The other day, my friend Jenn and I decided to take a day trip up to Toronto, which happened to be my first time in that city. It's only about 100 miles from Buffalo so it's not a long trek to the city.
CN Tower in Toronto (my view from Chinatown)
I couldn't go to Canada without eating poutine. Just in case you are unfamiliar with poutine, it's pub fare in Canada, aka drunk food. It's fries topped with gravy and cheese curds that's oh-so-delicious but oh-so-bad-for-you. I first had poutine when I spent a summer up in Banff five years ago. There were many nights that ended in getting poutine delivered and then scarfing it down with my friends.
Banff's Poutine
After finding not so great versions across America over the years, I decided the only way to eat proper poutine was in Canada. I did some research and found a poutine place that Anthony Bourdain visited while he was in Toronto for his Travel Channel show, The Layover. Poutini's House of Poutine serves several different kinds of poutine: vegan, vegetarian, topped with bacon, pulled pork or maple syrup. Jenn's a vegetarian so we split the vegetarian option. 

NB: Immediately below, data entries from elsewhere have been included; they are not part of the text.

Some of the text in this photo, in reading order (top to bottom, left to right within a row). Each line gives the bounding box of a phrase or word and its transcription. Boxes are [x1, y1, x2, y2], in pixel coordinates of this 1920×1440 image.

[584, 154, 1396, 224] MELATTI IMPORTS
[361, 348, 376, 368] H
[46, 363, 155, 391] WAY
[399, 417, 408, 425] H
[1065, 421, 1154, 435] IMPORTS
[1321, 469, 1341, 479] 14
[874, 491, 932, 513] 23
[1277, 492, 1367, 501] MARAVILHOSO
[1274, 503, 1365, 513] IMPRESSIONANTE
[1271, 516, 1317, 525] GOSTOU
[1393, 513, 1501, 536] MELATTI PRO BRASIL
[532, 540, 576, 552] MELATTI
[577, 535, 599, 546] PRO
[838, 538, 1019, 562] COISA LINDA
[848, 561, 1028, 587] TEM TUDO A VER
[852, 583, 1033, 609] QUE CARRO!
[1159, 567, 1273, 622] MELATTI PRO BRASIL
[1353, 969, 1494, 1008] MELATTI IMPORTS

Poutini's poutine was pretty darn good, I only wish the cheese curds were more gooey melty. But Poutini's boasts that their fresh cheese curds are extra squeaky. And squeaky fresh (and not melty) they were. The vegetarian gravy was super tasty and I wasn't missing the meat gravy at all. 

I had a list of potential cupcake bakeries to go to but managed to stumble upon Le Dolci bakery on the way to an Anthony Bourdain recommended bar in Little Italy (which we never got to since it was closed). Lucky for me, I didn't have to scour the streets for a cupcake, it fell right in my lap. Too bad it wasn't a great cupcake. The frosting didn't taste like anything but it was supposed to be Cookies 'N Cream on top of a chocolate cupcake. Only plus, it was a pretty moist chocolate cake. Each cupcake is $2.50.

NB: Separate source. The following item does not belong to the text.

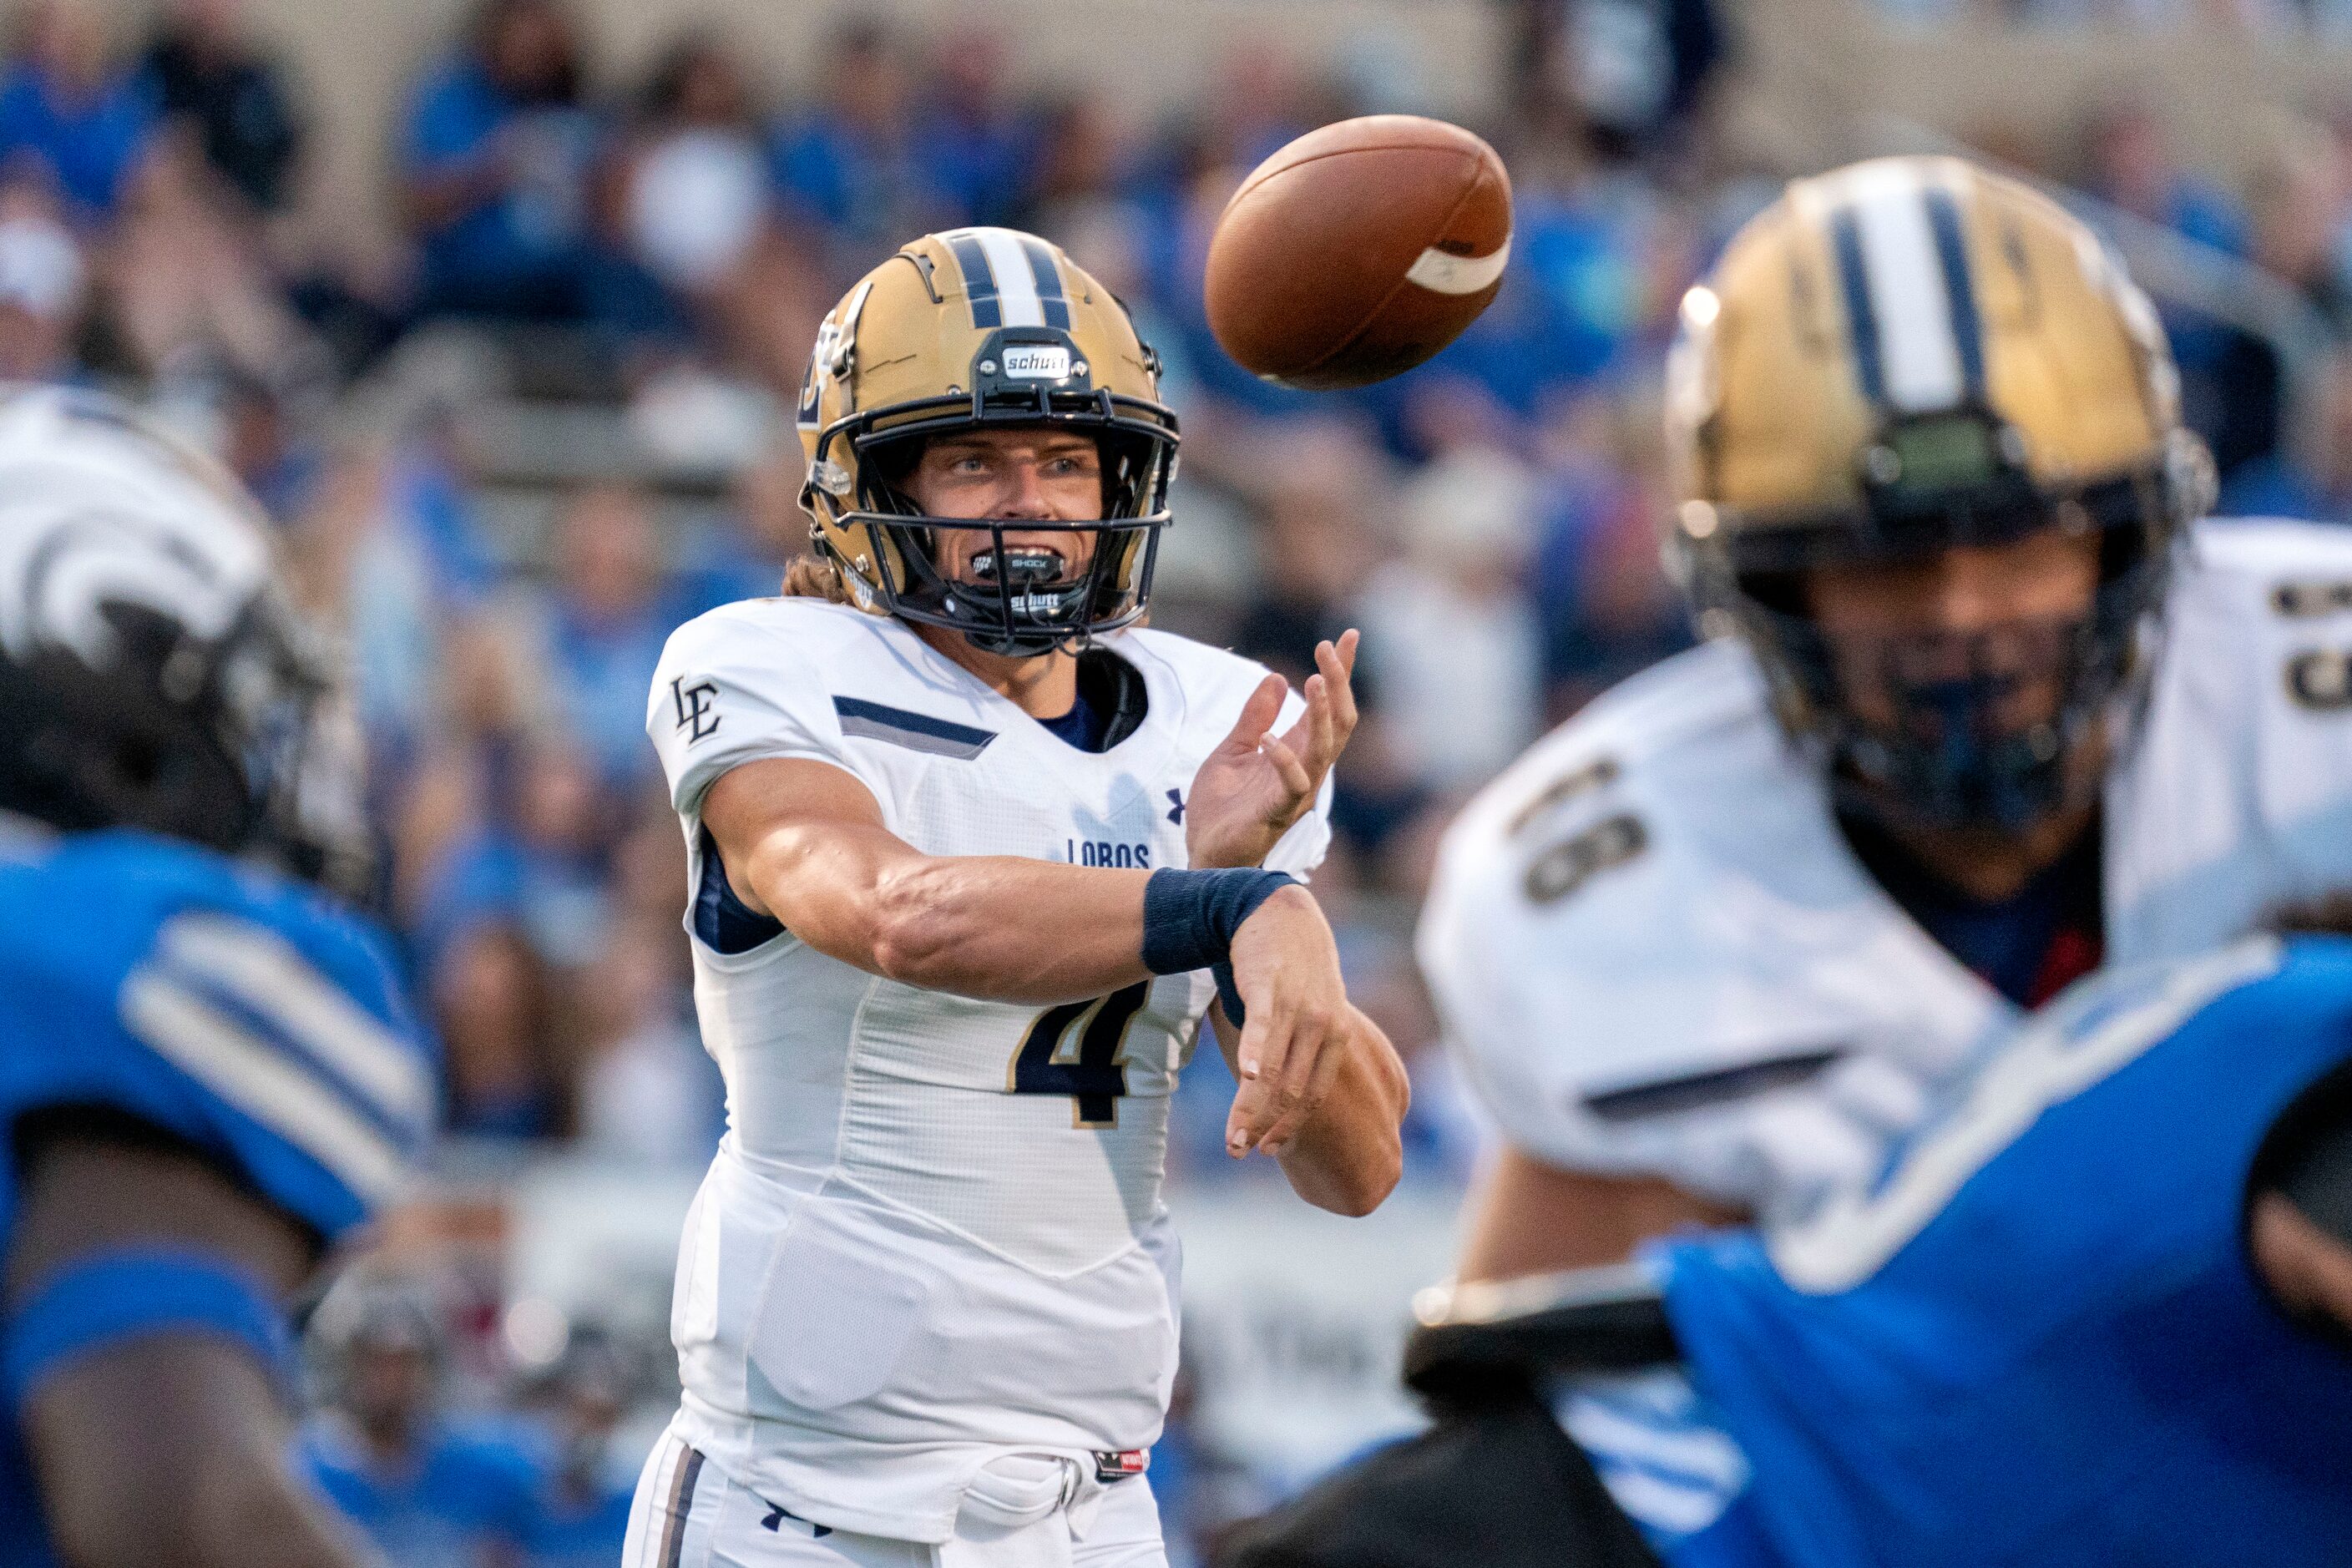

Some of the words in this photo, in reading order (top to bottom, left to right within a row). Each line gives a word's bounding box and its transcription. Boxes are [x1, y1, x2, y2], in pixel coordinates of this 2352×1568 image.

[1011, 559, 1047, 569] SHOCK
[670, 675, 721, 745] LE
[1005, 977, 1153, 1130] 4

I love Asian bakeries because I love Asian pastries! I made sure to patronize one while in Chinatown. To my surprise, I saw a cupcake staring right at me on the shelves of Ding Dong Pastries (normally the shelves are lined with curry-filled, red bean-filled or taro-filled buns; not your-average-super sugary American pastries) . The cupcake was a frosting-less Chinese-style sponge cake called a Paper Cup Cake. It is supposed to have a rich egg flavor. The one I consumed actually had a nutty flavor rather than an eggy overtone. Not quite a cupcake but was a different treat that I might never have purchased at an Asian bakery. Fluffy, mild and just okay. I'll stick to eating taro buns. Each paper cup cake is 70 cents.
Toronto was an eclectic, diverse and accessible city. The trip was short but I hope to visit again soon to explore the city more and also try some more cupcakes.